Communities

America’s Future Depends on Universal Broadband

Eric Newton is vice president of the journalism program for the John S. and James L. Knight Foundation.

It’s good that the FCC has put forward the nation’s first real broadband plan. Having a good plan is an essential first step in bringing high-speed Internet access to all Americans ‘ and that is an essential first step in achieving the recommendations of the Knight Commission on the Information Needs of Communities in a Democracy, which argued that people must have digital access to be first-class citizens.

The commission’s report, done with the Aspen Institute, is titled ‘Informing Communities: Sustaining Democracy in the Digital Age.” (You can access it at http://knightcomm.org/)

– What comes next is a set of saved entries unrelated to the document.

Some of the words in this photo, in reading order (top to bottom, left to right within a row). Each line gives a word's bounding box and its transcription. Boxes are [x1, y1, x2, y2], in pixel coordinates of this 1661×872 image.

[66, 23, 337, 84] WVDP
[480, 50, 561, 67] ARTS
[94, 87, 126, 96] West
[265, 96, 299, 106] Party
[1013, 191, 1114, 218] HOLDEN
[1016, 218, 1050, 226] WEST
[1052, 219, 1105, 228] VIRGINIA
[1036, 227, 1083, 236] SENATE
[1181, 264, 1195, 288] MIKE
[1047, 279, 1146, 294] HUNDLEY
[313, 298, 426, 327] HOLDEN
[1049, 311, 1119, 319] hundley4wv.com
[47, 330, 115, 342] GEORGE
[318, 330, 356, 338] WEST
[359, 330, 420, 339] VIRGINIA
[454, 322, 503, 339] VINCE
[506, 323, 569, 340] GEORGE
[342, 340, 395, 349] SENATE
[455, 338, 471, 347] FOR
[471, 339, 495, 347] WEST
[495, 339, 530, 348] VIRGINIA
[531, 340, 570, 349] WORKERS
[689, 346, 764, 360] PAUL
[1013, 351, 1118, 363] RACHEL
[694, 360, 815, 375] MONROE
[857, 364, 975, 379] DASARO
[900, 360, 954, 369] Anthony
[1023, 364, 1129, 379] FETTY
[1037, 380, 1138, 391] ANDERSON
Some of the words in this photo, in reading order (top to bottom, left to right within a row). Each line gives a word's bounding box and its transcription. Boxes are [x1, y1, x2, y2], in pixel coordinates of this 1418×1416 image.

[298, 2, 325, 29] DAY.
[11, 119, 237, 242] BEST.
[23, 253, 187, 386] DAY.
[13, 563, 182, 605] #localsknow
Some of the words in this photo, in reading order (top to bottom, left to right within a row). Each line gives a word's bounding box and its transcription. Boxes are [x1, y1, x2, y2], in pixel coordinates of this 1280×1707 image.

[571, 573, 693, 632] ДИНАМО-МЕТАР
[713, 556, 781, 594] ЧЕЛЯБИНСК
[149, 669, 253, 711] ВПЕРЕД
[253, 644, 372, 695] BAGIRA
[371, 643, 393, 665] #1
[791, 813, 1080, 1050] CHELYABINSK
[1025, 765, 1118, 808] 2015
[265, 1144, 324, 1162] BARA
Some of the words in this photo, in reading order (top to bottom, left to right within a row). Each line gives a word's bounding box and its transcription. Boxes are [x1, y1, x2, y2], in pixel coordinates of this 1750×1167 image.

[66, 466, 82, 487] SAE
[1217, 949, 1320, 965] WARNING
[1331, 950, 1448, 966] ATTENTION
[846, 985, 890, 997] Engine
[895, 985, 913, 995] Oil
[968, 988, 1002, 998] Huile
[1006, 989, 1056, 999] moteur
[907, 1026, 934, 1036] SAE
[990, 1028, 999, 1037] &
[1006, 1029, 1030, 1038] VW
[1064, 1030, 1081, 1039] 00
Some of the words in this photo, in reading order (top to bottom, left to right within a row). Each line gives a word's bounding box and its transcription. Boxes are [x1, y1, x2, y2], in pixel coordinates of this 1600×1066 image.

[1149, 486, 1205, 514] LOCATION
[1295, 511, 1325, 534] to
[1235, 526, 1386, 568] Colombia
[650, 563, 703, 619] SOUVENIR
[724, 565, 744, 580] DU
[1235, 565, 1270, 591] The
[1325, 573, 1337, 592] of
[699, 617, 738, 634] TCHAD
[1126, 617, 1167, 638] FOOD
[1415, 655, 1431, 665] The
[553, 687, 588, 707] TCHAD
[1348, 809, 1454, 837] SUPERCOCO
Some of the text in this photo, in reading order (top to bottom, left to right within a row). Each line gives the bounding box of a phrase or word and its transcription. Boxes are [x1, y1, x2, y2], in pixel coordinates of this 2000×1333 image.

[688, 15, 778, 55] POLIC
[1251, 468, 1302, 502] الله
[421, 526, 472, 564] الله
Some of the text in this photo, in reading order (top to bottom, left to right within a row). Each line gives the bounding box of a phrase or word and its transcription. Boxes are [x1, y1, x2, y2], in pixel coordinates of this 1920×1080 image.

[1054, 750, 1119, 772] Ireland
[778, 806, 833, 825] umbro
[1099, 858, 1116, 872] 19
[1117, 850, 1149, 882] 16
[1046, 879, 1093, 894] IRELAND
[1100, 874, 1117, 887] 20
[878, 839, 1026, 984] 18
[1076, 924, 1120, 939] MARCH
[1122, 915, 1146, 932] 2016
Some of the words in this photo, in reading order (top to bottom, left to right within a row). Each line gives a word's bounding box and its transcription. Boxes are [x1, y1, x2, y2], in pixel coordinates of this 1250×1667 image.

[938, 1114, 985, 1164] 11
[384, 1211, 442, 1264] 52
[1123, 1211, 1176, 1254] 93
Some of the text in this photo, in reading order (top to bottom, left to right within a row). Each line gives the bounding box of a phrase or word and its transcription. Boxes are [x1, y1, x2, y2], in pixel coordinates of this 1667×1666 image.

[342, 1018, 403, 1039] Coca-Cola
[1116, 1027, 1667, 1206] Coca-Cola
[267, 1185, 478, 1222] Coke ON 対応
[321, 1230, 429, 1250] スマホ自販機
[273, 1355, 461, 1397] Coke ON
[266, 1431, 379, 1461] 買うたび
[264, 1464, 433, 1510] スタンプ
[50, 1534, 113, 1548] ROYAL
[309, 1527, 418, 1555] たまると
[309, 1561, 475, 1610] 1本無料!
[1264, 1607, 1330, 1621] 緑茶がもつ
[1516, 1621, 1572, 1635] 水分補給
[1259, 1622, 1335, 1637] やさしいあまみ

It found that in our democratic republic, information is essential to the civic health of communities as good streets or clean water. People need (1) the information itself, (2) access to it and the ability to use it, and (3) ways as communities to engage with the facts we need to improve our collective lives.

The FCC’s plan is a start to the nation taking the issue seriously. Why is it so important? Let’s consider what’s at stake:

In the digital age, countries without high-speed broadband will be left behind, their citizens able to vote but not knowing why they should; able to work but not knowing how to find a job online.

In the past, we grew because we built the railroads and highways we needed to haul people and their physical things across this vast continent. Today, we will not grow unless we build the technology we need to haul our ideas and innovations around the world. Nearly two dozen other nations now rank ahead of the United States in high-speed broadband. That just won’t do.

That’s why Knight Foundation’s President and CEO Alberto Ibarügen says: ‘Broadband access for all is essential to meeting the information needs of communities in a democracy. Without it, we’ll end up with a new category of second-class citizens. With it, everyone will be able to harness the social and economic opportunities of the digital age.’

Digital cities, the connected ones, will be the best environment for local news products, the most interesting laboratories for new ideas, the perfect places to chase the American Dream.